I'm sure others can expand on this, but to me the big four inflection
points seem to be:

1. In the version of the SAFE bill the House Rules committee chooses. There
are now four substantially different versions. We have: the "original" SAFE
(with criminal penalties for crypto-in-a-crime); SAFE with domestic
crypto-controls; SAFE with its export relaxation section gutted;
yesterday's SAFE with more studies and doubled criminal penalties. This is
likely to be done in closed-room negotiations with the heads of Judiciary,
Intelligence, etc. I'm told that the first meetings are already being
scheduled. The House leadership will play a big role in anything the Rules
committee does.

2. In the way the House Rules committee reports the bill. Which amendments
will be allowed during floor debate, and in what order?

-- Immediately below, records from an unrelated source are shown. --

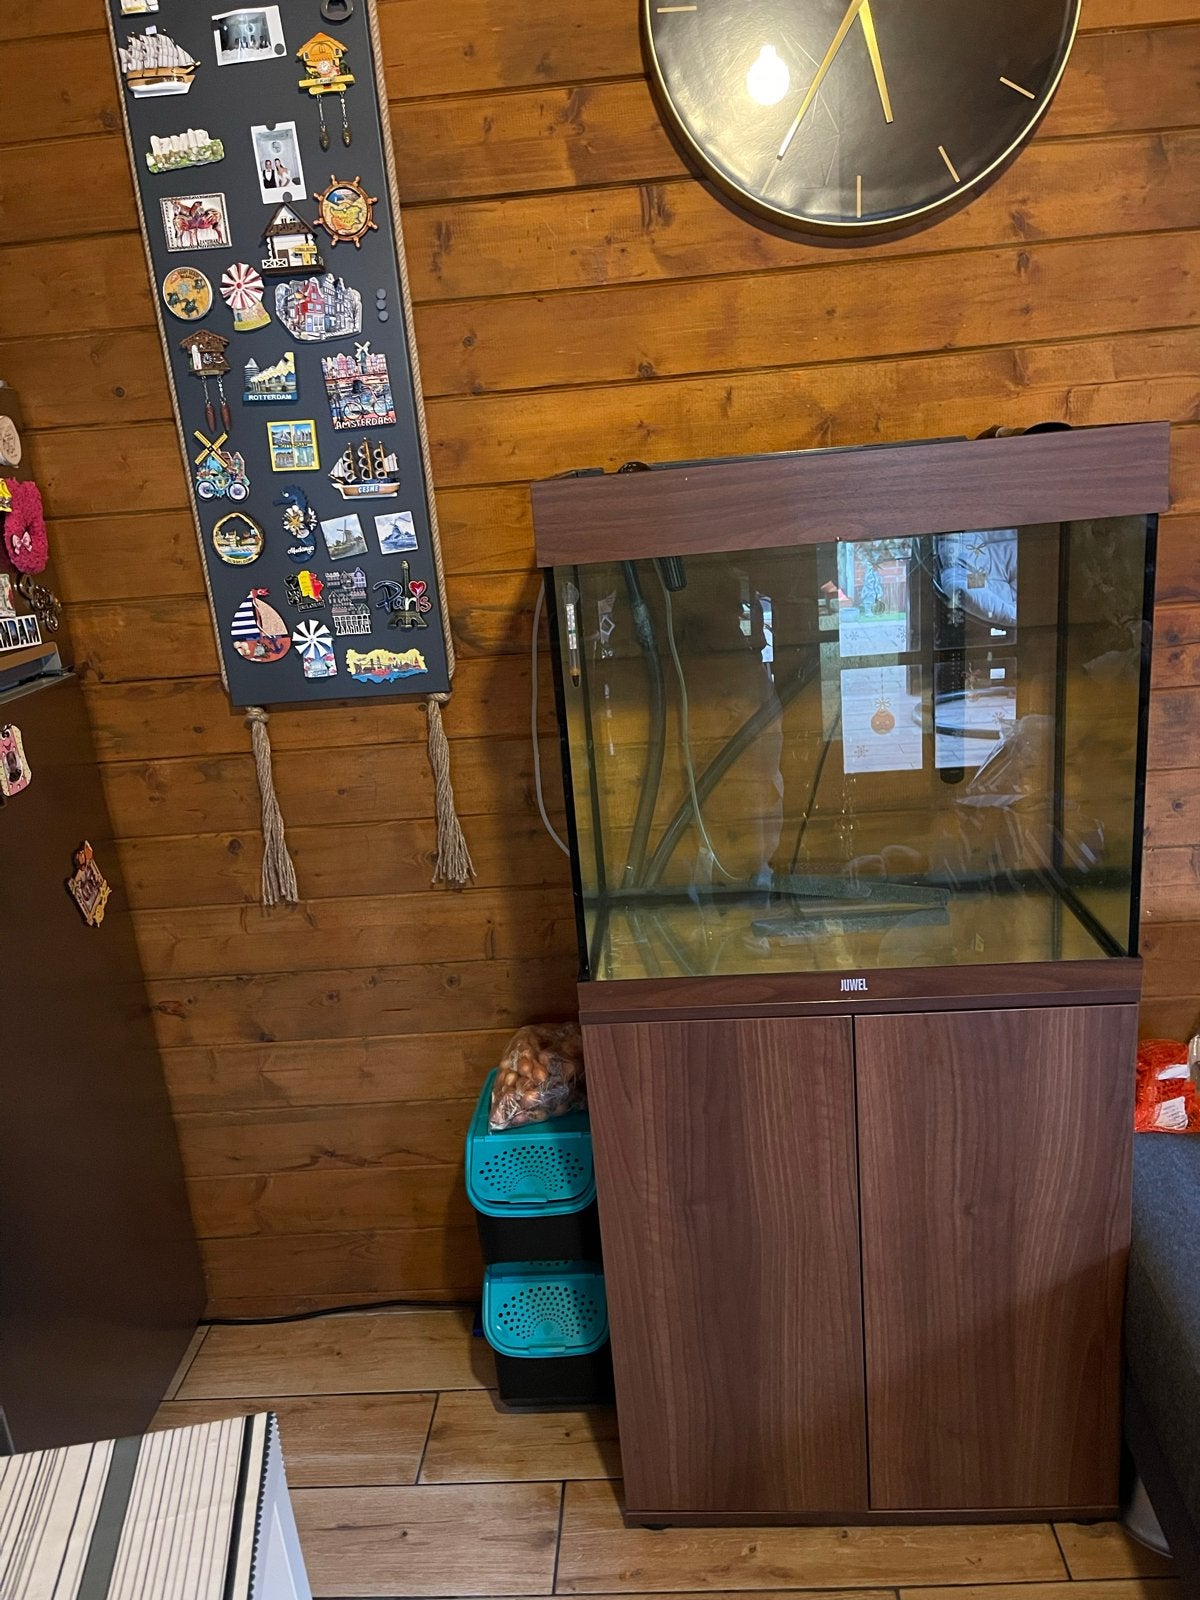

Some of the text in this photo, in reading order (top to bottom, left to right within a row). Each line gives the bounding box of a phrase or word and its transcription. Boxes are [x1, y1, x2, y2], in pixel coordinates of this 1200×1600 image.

[335, 416, 394, 430] AMSTERDAM
[373, 580, 432, 613] Paris
[840, 978, 868, 992] JUWEL
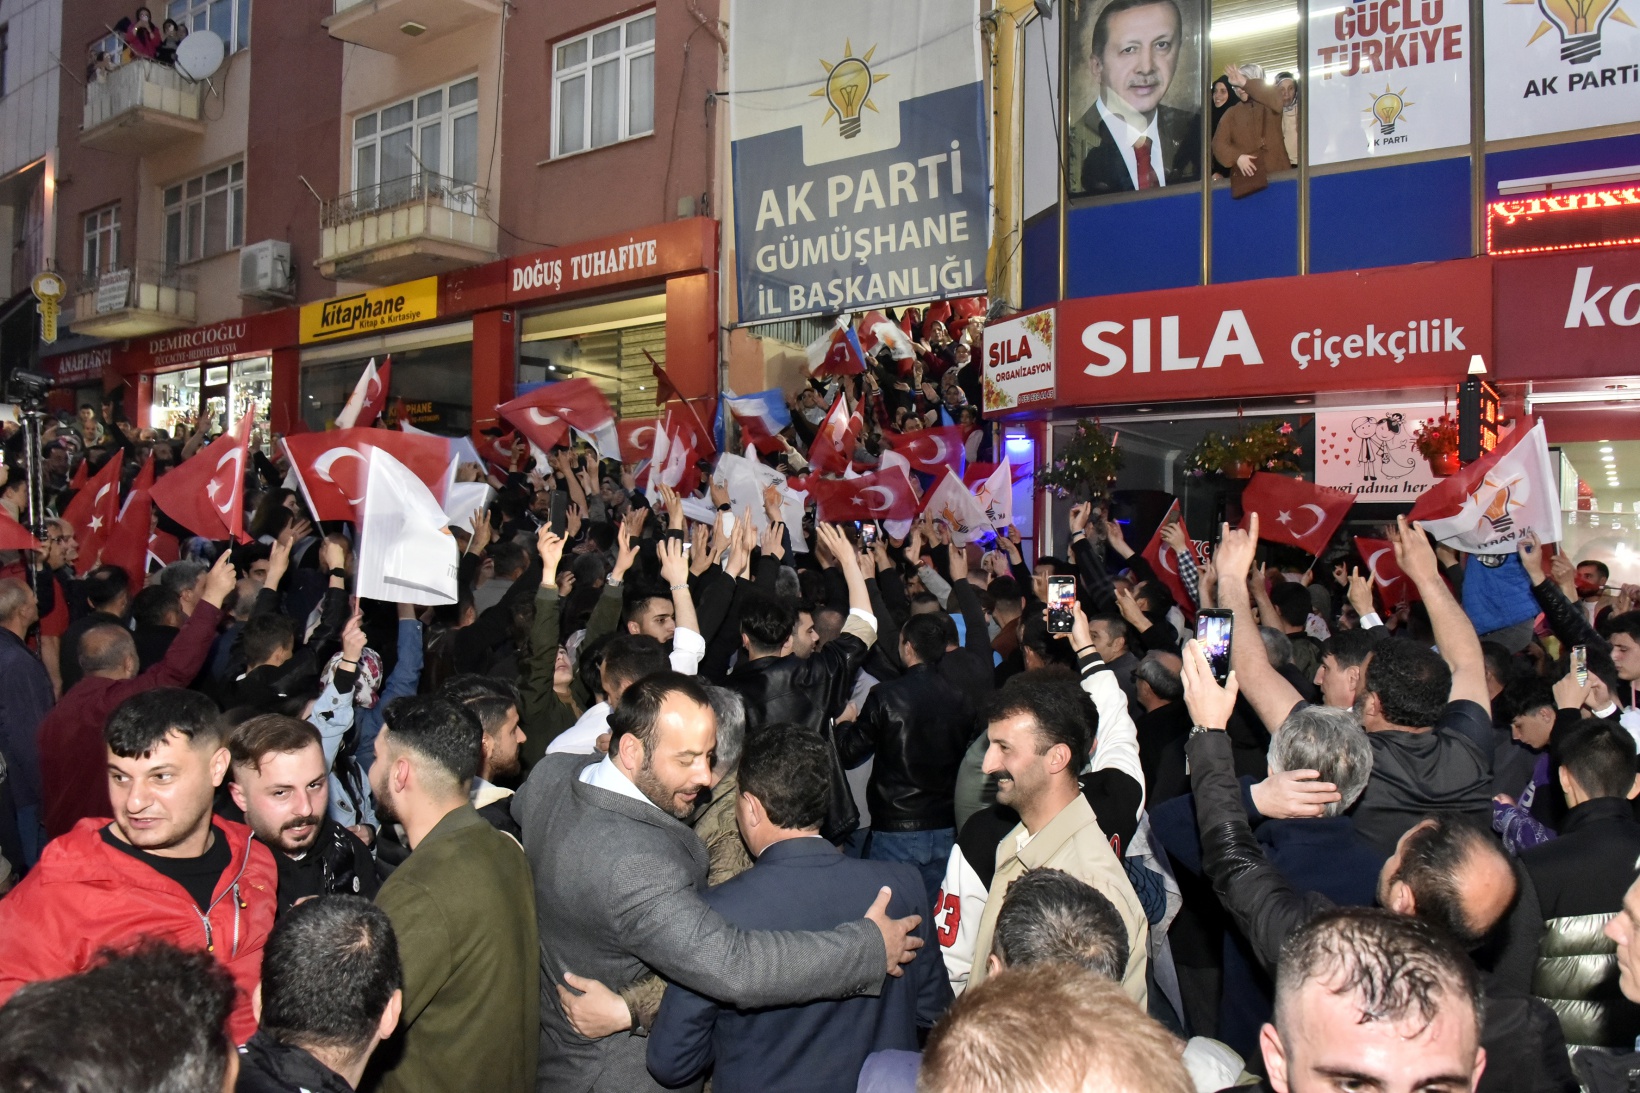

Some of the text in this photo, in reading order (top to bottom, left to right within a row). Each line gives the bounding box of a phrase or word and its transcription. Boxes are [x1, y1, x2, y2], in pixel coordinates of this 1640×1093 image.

[1317, 24, 1463, 81] TÜRKİYE
[1523, 75, 1558, 98] AK
[755, 139, 963, 232] AK PARTİ
[755, 210, 969, 273] GÜMÜŞHANE
[512, 237, 657, 292] DOĞUŞ TUHAFİYE
[757, 254, 973, 316] İL BAŞKANLIĞI
[320, 294, 405, 331] kitaphane
[359, 319, 378, 329] Kitap
[380, 316, 385, 325] &
[149, 323, 247, 355] DEMİRCİOĞLU
[989, 335, 1032, 368] SILA
[1080, 309, 1467, 378] SILA Çiçekçilik
[996, 361, 1052, 383] ORGANİZASYON
[1356, 481, 1398, 494] adına
[1402, 480, 1427, 493] her

3. There are countless points during the Senate proceedings where FBI/NSA
can work on the legislation. McCain-Kerrey will probably go to the Senate
Intelligence committee, for instance. It's sure to go through Judiciary,
where Kyl and Feinstein are waiting eagerly. Sen. "Digital Telephony"
Leahy, whose original crypto-bill last year was a key escrow fetishist's
wet dream, is sure to get involved.

4. Conference committee between the Senate and House versions.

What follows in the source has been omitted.